╭─ Data supplied
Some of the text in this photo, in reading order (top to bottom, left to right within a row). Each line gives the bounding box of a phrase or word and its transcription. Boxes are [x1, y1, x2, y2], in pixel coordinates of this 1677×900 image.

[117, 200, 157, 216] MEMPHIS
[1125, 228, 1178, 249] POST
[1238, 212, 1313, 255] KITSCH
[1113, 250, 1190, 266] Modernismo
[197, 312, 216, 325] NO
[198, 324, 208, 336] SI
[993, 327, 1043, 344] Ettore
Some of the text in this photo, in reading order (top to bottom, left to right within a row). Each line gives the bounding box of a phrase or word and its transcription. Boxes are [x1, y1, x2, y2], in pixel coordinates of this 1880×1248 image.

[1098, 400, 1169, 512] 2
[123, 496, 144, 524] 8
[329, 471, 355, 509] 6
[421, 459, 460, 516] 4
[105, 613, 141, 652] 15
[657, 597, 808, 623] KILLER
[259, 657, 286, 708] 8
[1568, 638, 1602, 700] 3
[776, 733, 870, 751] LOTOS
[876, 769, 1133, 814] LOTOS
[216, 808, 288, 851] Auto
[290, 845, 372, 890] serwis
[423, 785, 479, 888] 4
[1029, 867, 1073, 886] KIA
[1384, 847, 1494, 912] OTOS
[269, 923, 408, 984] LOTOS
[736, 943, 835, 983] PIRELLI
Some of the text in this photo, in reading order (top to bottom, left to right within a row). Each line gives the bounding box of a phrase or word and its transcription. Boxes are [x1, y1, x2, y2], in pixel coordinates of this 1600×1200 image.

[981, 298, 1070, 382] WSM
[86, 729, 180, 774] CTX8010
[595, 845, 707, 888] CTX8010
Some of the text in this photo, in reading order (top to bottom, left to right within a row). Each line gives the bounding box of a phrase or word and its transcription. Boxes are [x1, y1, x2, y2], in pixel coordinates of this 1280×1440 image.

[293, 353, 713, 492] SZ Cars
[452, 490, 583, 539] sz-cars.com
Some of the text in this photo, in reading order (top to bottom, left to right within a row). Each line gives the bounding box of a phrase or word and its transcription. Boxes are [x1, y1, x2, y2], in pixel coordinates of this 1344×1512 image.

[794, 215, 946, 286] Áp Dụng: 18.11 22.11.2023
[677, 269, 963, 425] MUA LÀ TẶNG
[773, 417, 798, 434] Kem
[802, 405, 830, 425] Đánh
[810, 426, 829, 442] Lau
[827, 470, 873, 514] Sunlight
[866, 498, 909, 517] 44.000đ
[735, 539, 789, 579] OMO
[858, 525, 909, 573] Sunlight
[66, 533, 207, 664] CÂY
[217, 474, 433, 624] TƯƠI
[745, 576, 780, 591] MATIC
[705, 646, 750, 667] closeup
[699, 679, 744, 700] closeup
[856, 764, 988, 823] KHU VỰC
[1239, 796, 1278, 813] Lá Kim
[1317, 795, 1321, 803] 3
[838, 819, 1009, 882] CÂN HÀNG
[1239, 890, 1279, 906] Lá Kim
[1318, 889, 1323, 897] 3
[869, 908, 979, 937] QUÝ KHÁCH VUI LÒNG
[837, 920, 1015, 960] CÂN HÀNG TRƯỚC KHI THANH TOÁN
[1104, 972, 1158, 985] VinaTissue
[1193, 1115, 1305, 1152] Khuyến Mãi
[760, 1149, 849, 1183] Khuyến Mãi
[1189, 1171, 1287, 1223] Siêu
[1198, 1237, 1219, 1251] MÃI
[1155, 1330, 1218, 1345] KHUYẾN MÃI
╰─
Work instruction → Exact repetition of every entry in the data is required.

Output →
Some of the text in this photo, in reading order (top to bottom, left to right within a row). Each line gives the bounding box of a phrase or word and its transcription. Boxes are [x1, y1, x2, y2], in pixel coordinates of this 1677×900 image.

[117, 200, 157, 216] MEMPHIS
[1125, 228, 1178, 249] POST
[1238, 212, 1313, 255] KITSCH
[1113, 250, 1190, 266] Modernismo
[197, 312, 216, 325] NO
[198, 324, 208, 336] SI
[993, 327, 1043, 344] Ettore
Some of the text in this photo, in reading order (top to bottom, left to right within a row). Each line gives the bounding box of a phrase or word and its transcription. Boxes are [x1, y1, x2, y2], in pixel coordinates of this 1880×1248 image.

[1098, 400, 1169, 512] 2
[123, 496, 144, 524] 8
[329, 471, 355, 509] 6
[421, 459, 460, 516] 4
[105, 613, 141, 652] 15
[657, 597, 808, 623] KILLER
[259, 657, 286, 708] 8
[1568, 638, 1602, 700] 3
[776, 733, 870, 751] LOTOS
[876, 769, 1133, 814] LOTOS
[216, 808, 288, 851] Auto
[290, 845, 372, 890] serwis
[423, 785, 479, 888] 4
[1029, 867, 1073, 886] KIA
[1384, 847, 1494, 912] OTOS
[269, 923, 408, 984] LOTOS
[736, 943, 835, 983] PIRELLI
Some of the text in this photo, in reading order (top to bottom, left to right within a row). Each line gives the bounding box of a phrase or word and its transcription. Boxes are [x1, y1, x2, y2], in pixel coordinates of this 1600×1200 image.

[981, 298, 1070, 382] WSM
[86, 729, 180, 774] CTX8010
[595, 845, 707, 888] CTX8010
Some of the text in this photo, in reading order (top to bottom, left to right within a row). Each line gives the bounding box of a phrase or word and its transcription. Boxes are [x1, y1, x2, y2], in pixel coordinates of this 1280×1440 image.

[293, 353, 713, 492] SZ Cars
[452, 490, 583, 539] sz-cars.com
Some of the text in this photo, in reading order (top to bottom, left to right within a row). Each line gives the bounding box of a phrase or word and its transcription. Boxes are [x1, y1, x2, y2], in pixel coordinates of this 1344×1512 image.

[794, 215, 946, 286] Áp Dụng: 18.11 22.11.2023
[677, 269, 963, 425] MUA LÀ TẶNG
[773, 417, 798, 434] Kem
[802, 405, 830, 425] Đánh
[810, 426, 829, 442] Lau
[827, 470, 873, 514] Sunlight
[866, 498, 909, 517] 44.000đ
[735, 539, 789, 579] OMO
[858, 525, 909, 573] Sunlight
[66, 533, 207, 664] CÂY
[217, 474, 433, 624] TƯƠI
[745, 576, 780, 591] MATIC
[705, 646, 750, 667] closeup
[699, 679, 744, 700] closeup
[856, 764, 988, 823] KHU VỰC
[1239, 796, 1278, 813] Lá Kim
[1317, 795, 1321, 803] 3
[838, 819, 1009, 882] CÂN HÀNG
[1239, 890, 1279, 906] Lá Kim
[1318, 889, 1323, 897] 3
[869, 908, 979, 937] QUÝ KHÁCH VUI LÒNG
[837, 920, 1015, 960] CÂN HÀNG TRƯỚC KHI THANH TOÁN
[1104, 972, 1158, 985] VinaTissue
[1193, 1115, 1305, 1152] Khuyến Mãi
[760, 1149, 849, 1183] Khuyến Mãi
[1189, 1171, 1287, 1223] Siêu
[1198, 1237, 1219, 1251] MÃI
[1155, 1330, 1218, 1345] KHUYẾN MÃI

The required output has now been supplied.